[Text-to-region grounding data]
Content starts

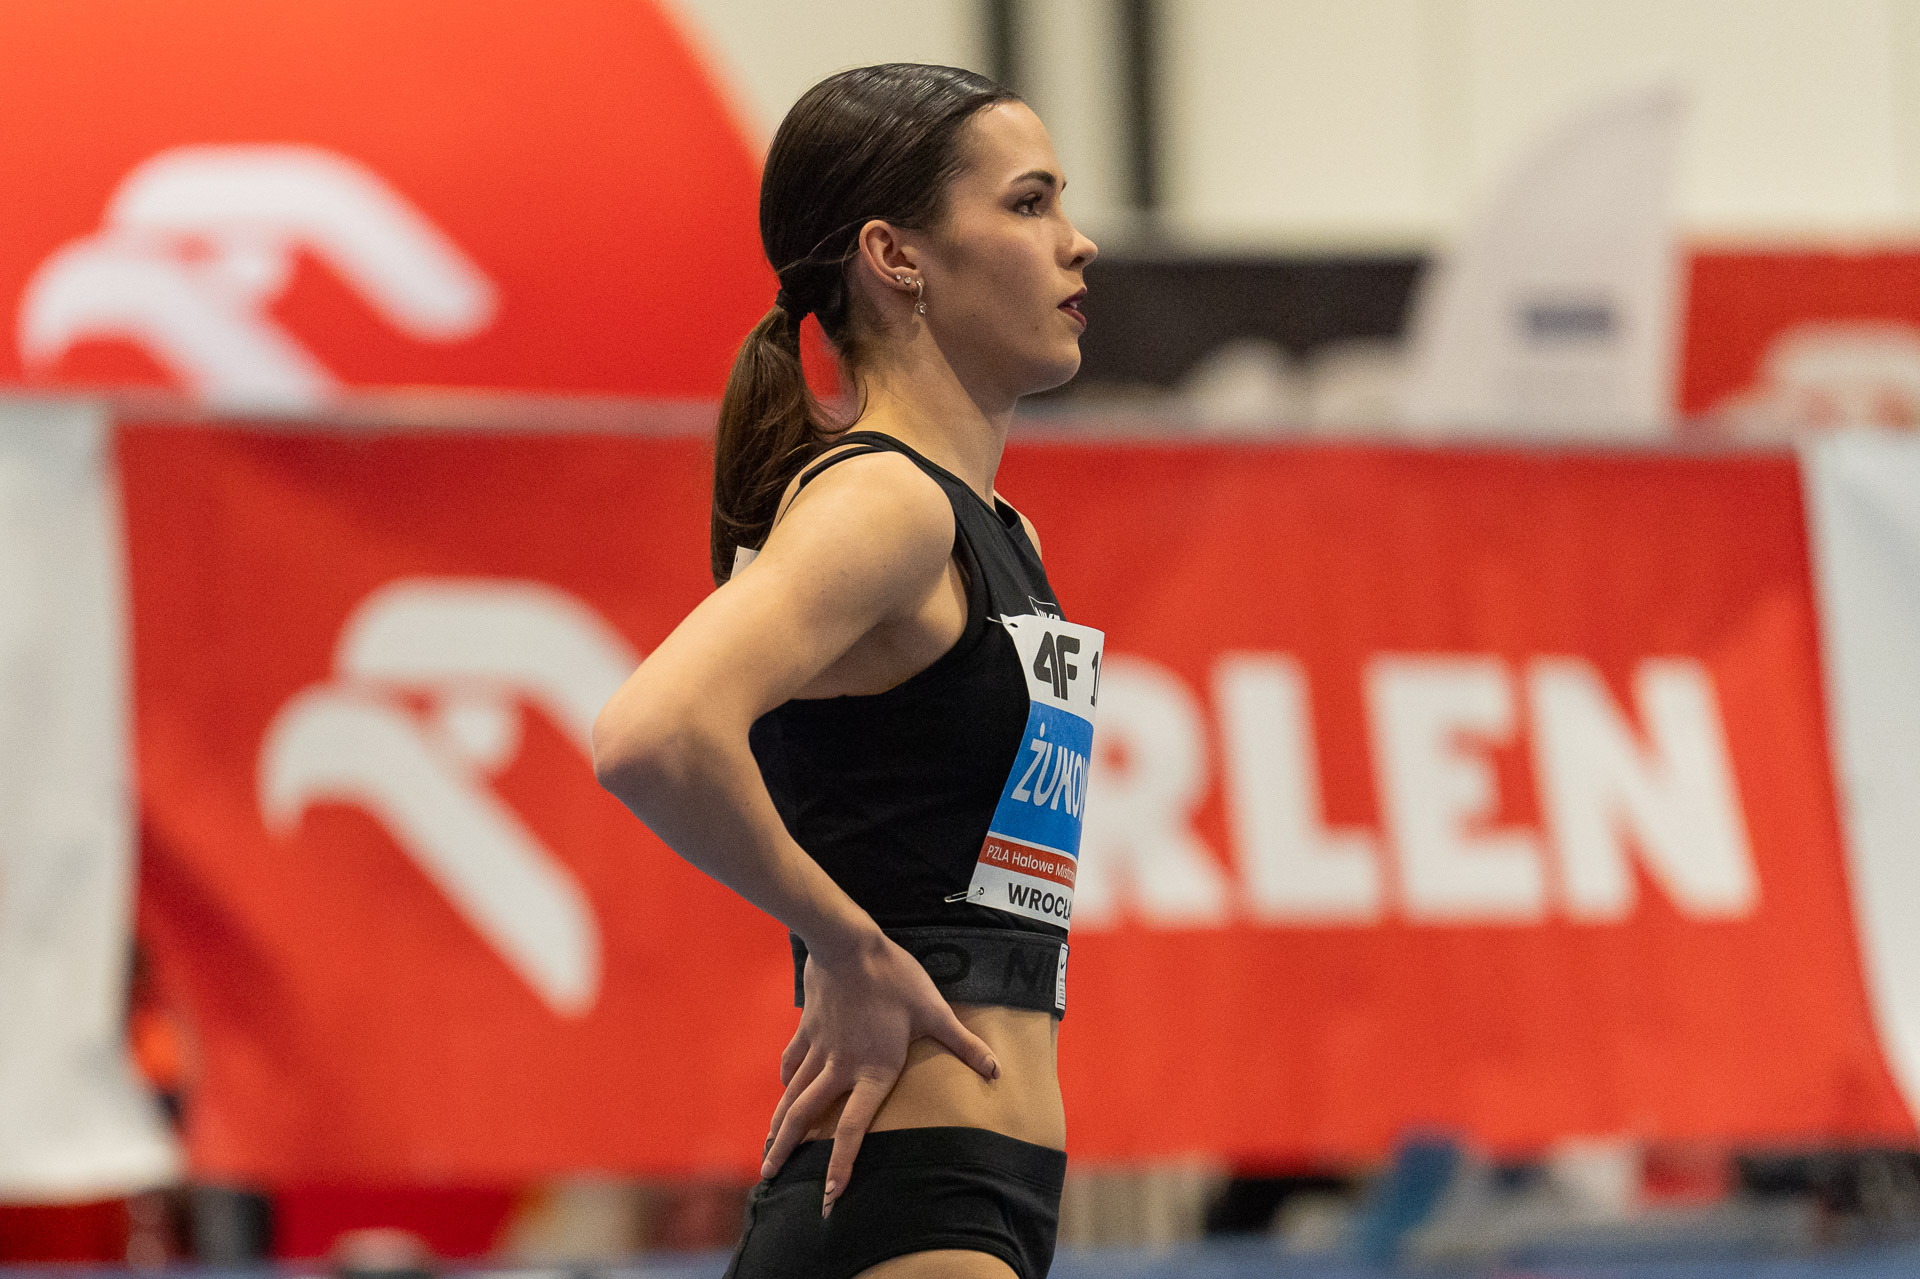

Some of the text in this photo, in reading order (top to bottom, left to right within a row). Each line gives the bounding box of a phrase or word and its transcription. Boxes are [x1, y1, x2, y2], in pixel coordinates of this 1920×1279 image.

[1090, 650, 1102, 707] 1
[1070, 648, 1760, 930] RLEN
[986, 845, 1010, 863] PZLA
[1011, 851, 1055, 874] Halowe

Content ends

• Activity
Having removed the pictures, write out the records exactly as they stand.

• Answer to the problem
Some of the text in this photo, in reading order (top to bottom, left to right within a row). Each line gives the bounding box of a phrase or word and its transcription. Boxes are [x1, y1, x2, y2], in pixel coordinates of this 1920×1279 image.

[1090, 650, 1102, 707] 1
[1070, 648, 1760, 930] RLEN
[986, 845, 1010, 863] PZLA
[1011, 851, 1055, 874] Halowe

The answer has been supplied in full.